▸ Task requirements
Copy the records below exactly as they are written.

[Stored entries]
........
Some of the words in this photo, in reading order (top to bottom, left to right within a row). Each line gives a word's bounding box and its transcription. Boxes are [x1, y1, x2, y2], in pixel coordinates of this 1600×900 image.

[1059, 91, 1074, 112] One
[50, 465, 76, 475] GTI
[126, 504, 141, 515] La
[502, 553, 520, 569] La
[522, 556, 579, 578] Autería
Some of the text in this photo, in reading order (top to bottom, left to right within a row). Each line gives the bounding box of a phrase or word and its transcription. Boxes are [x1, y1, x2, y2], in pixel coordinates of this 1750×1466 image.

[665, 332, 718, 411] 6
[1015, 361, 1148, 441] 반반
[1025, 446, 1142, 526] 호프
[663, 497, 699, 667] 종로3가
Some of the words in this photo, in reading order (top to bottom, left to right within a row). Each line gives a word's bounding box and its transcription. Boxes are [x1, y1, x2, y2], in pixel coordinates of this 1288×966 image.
........
▸ Task answer
Some of the words in this photo, in reading order (top to bottom, left to right within a row). Each line gives a word's bounding box and its transcription. Boxes are [x1, y1, x2, y2], in pixel coordinates of this 1600×900 image.

[1059, 91, 1074, 112] One
[50, 465, 76, 475] GTI
[126, 504, 141, 515] La
[502, 553, 520, 569] La
[522, 556, 579, 578] Autería
Some of the text in this photo, in reading order (top to bottom, left to right within a row). Each line gives the bounding box of a phrase or word and its transcription. Boxes are [x1, y1, x2, y2], in pixel coordinates of this 1750×1466 image.

[665, 332, 718, 411] 6
[1015, 361, 1148, 441] 반반
[1025, 446, 1142, 526] 호프
[663, 497, 699, 667] 종로3가
Some of the words in this photo, in reading order (top to bottom, left to right within a row). Each line gives a word's bounding box and its transcription. Boxes are [x1, y1, x2, y2], in pixel coordinates of this 1288×966 image.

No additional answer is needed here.